Abstract

We have some concerns about the recommendations on cholinesterase inhibitors in the recent guidelines on mild cognitive impairment (MCI).1 Evidence in the guidelines, and in systematic reviews,2–4 clearly shows that cholinesterase inhibitors have no reliable benefit on cognition and do not reduce progression to dementia. At the same time, patients are exposed to risk: “side effects… are common, including gastrointestinal symptoms and cardiac concerns.”1 It is, therefore, curious that the message to practitioners is equivocal. They “may choose” not to use these medicines (recommendation B3a), or choose to actively prescribe them after “first discuss[ing] with the patient the fact this is…not currently backed by empirical evidence” (recommendation B3b).1 This is the first instance we recall of a learned academy legitimizing prescription of a class of drugs recognized to be ineffective.
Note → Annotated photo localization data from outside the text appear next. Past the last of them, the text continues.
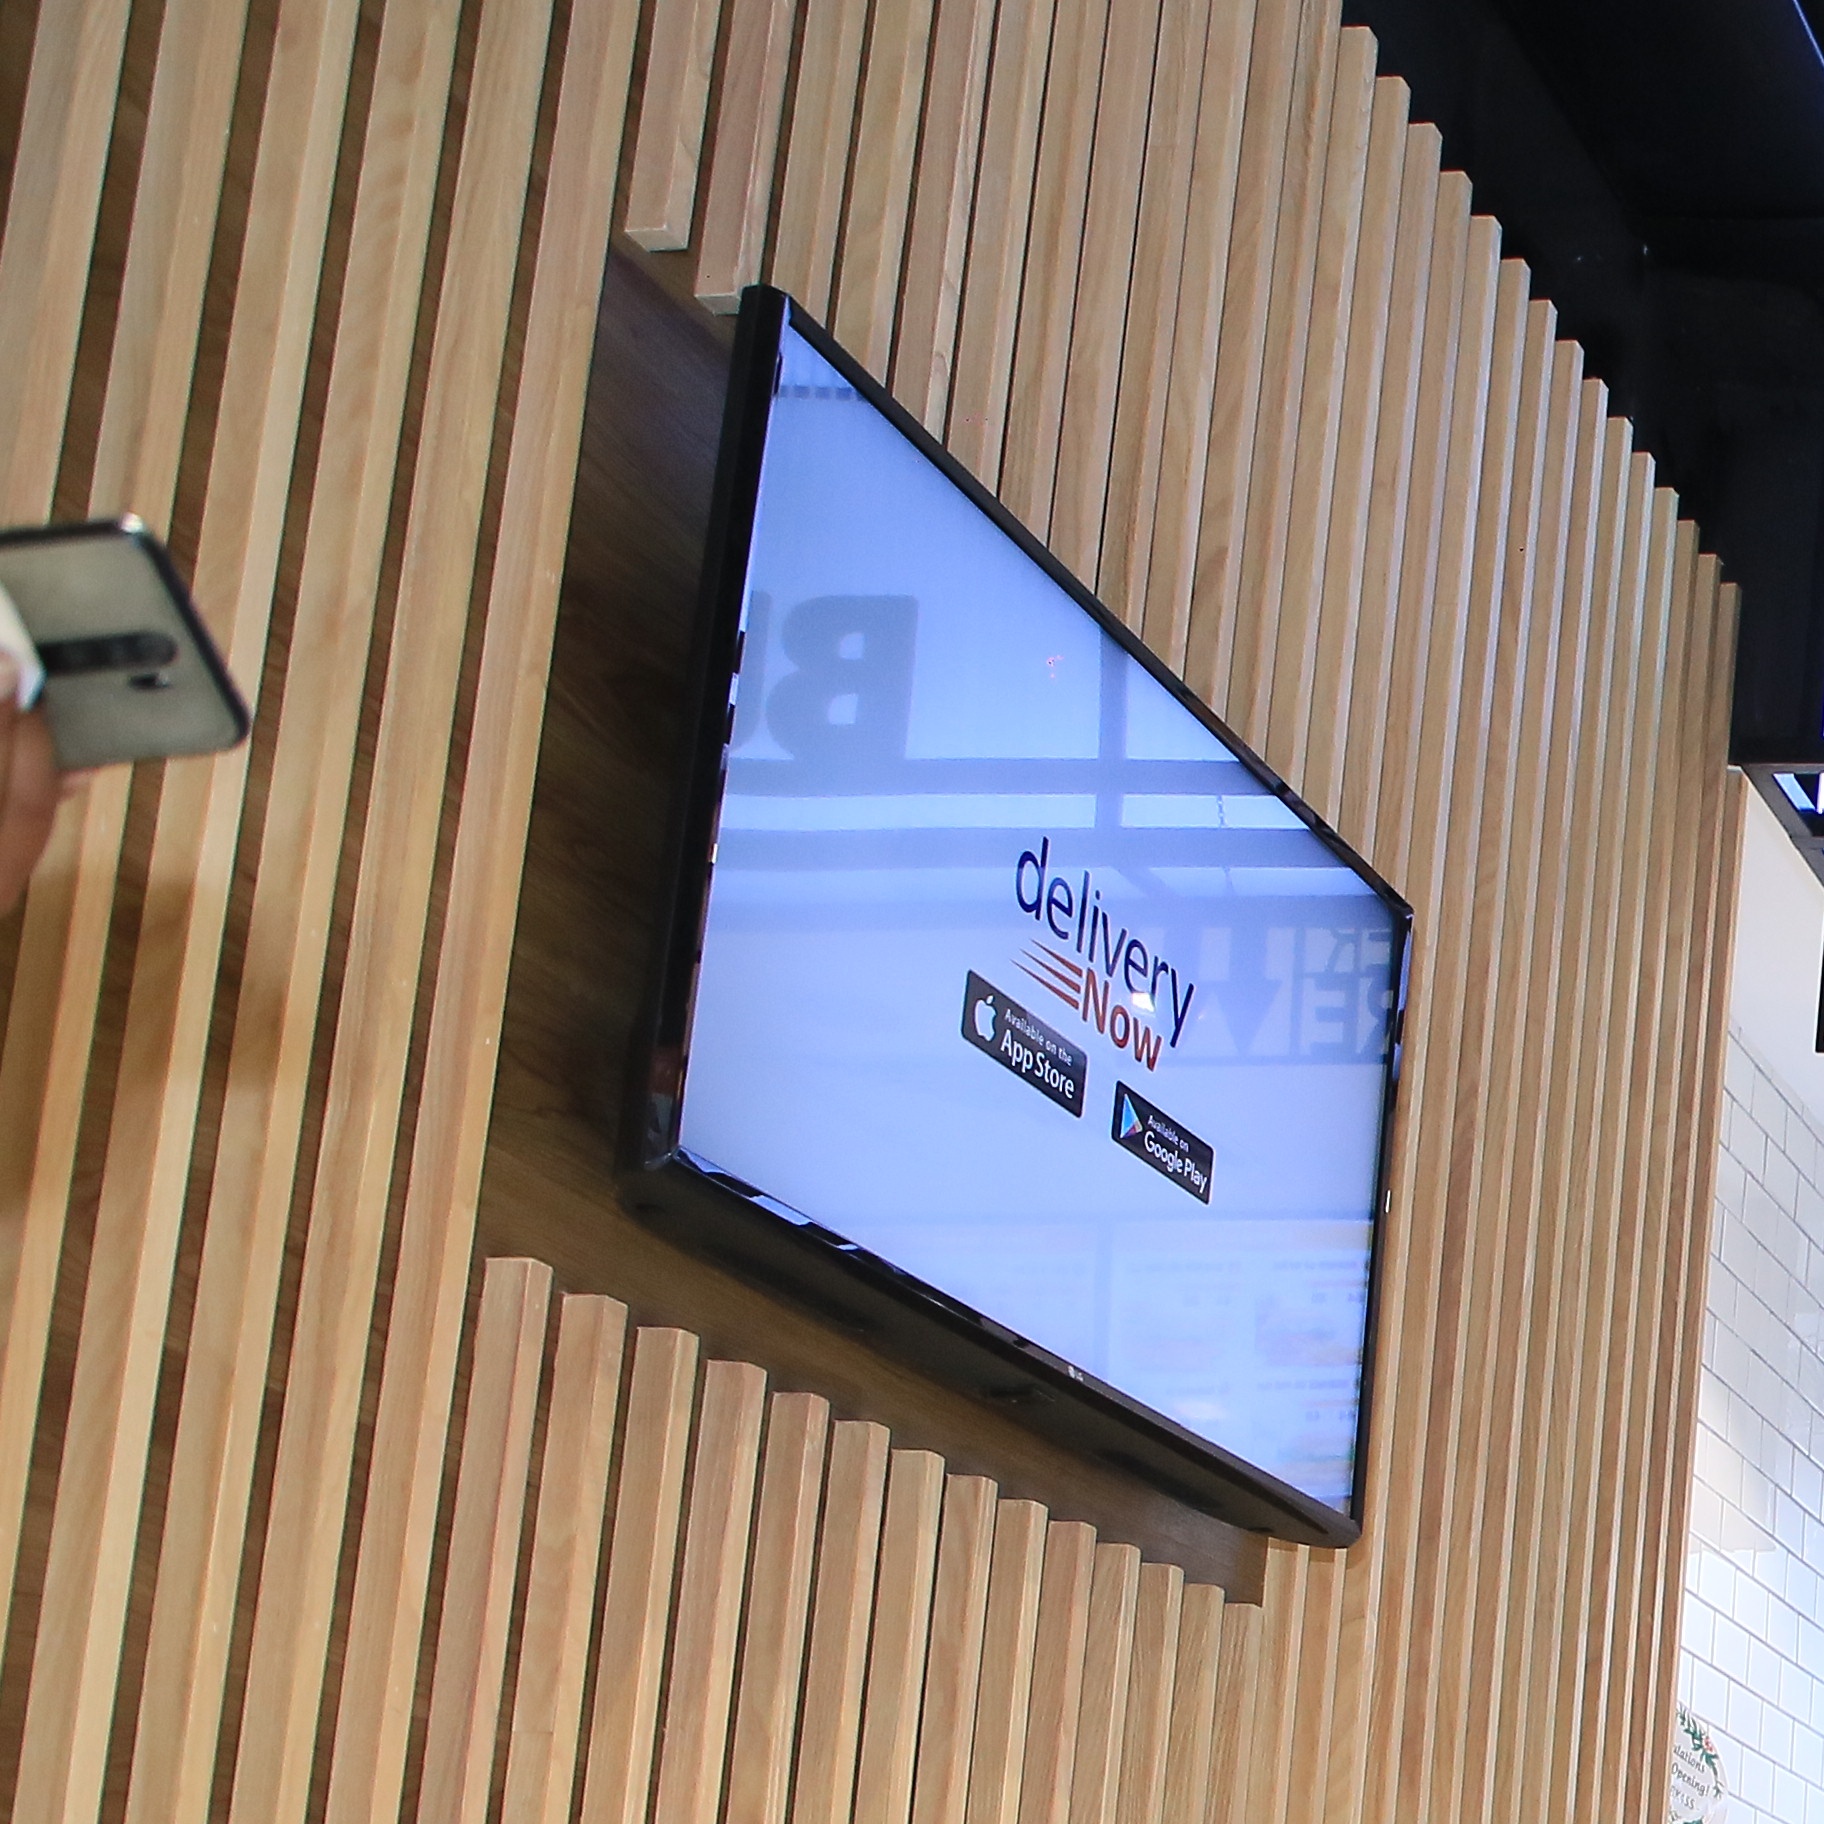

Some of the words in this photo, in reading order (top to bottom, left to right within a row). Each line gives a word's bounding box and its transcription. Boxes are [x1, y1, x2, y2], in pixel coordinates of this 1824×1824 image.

[1016, 836, 1194, 1048] delivery
[1000, 1028, 1034, 1074] App
[1034, 1052, 1076, 1101] Store
[1004, 1008, 1045, 1055] Available
[1045, 1040, 1057, 1058] on
[1058, 1043, 1073, 1067] the
[1144, 1129, 1184, 1174] Google
[1183, 1153, 1208, 1194] Play
[1147, 1113, 1179, 1150] Available
[1179, 1137, 1190, 1153] on
[1671, 1762, 1711, 1797] Opening!
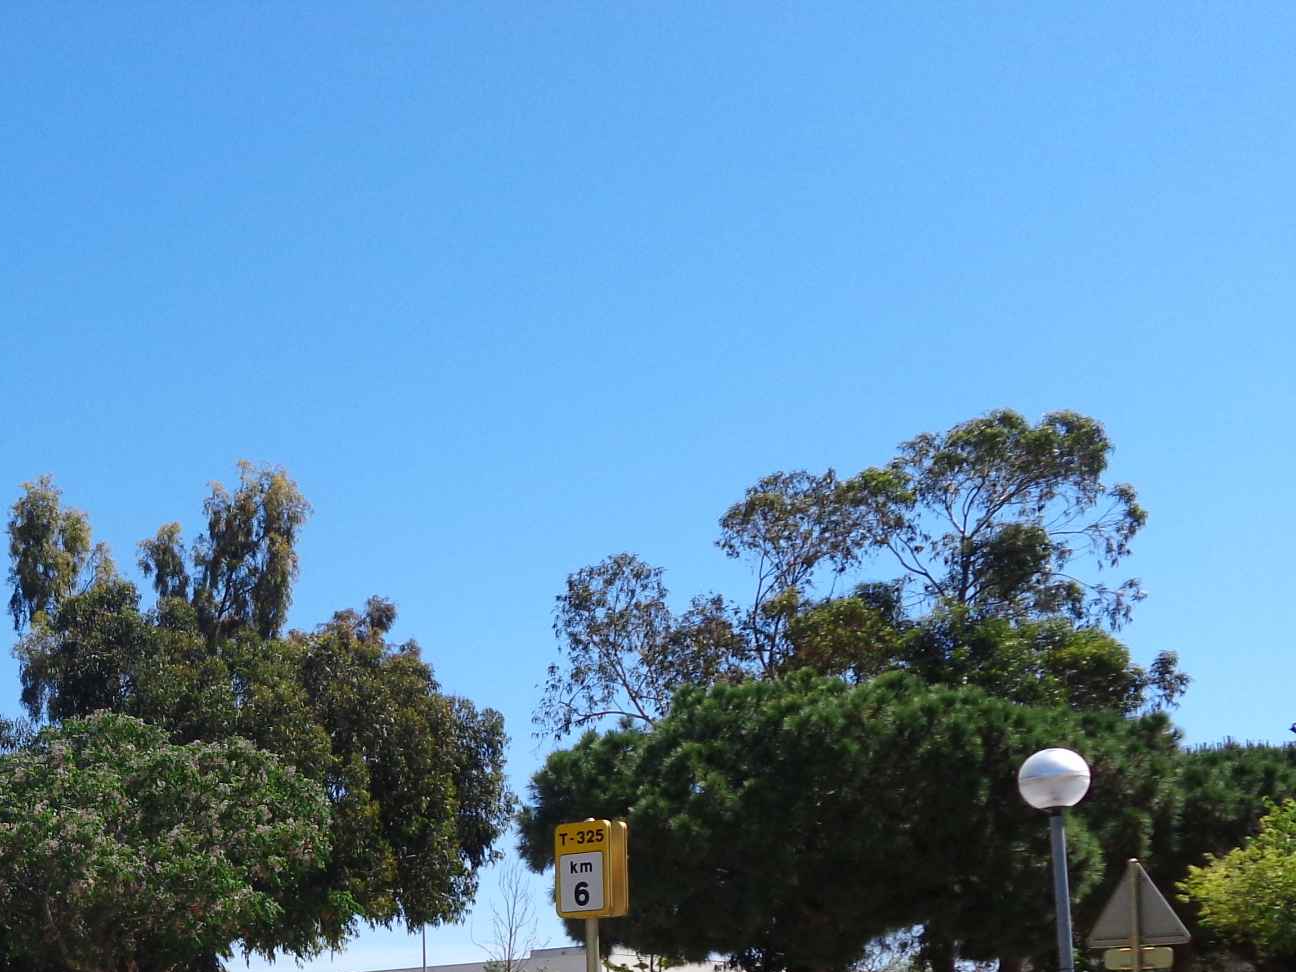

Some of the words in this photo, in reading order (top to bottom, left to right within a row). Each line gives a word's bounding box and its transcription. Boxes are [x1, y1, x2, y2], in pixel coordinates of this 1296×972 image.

Given the guidelines' potential for influence, we are deeply concerned that patients—who often are ill-equipped to make judgments of this kind—may be unnecessarily exposed to harm, and health care systems to needless cost. More generally, we are anxious to avoid a precedent for evidence being viewed as “optional” in clinical decision-making. We call upon the American Academy of Neurology and authors to retract recommendation B3b and rewrite B3a to plainly recommend against use of cholinesterase inhibitors in MCI.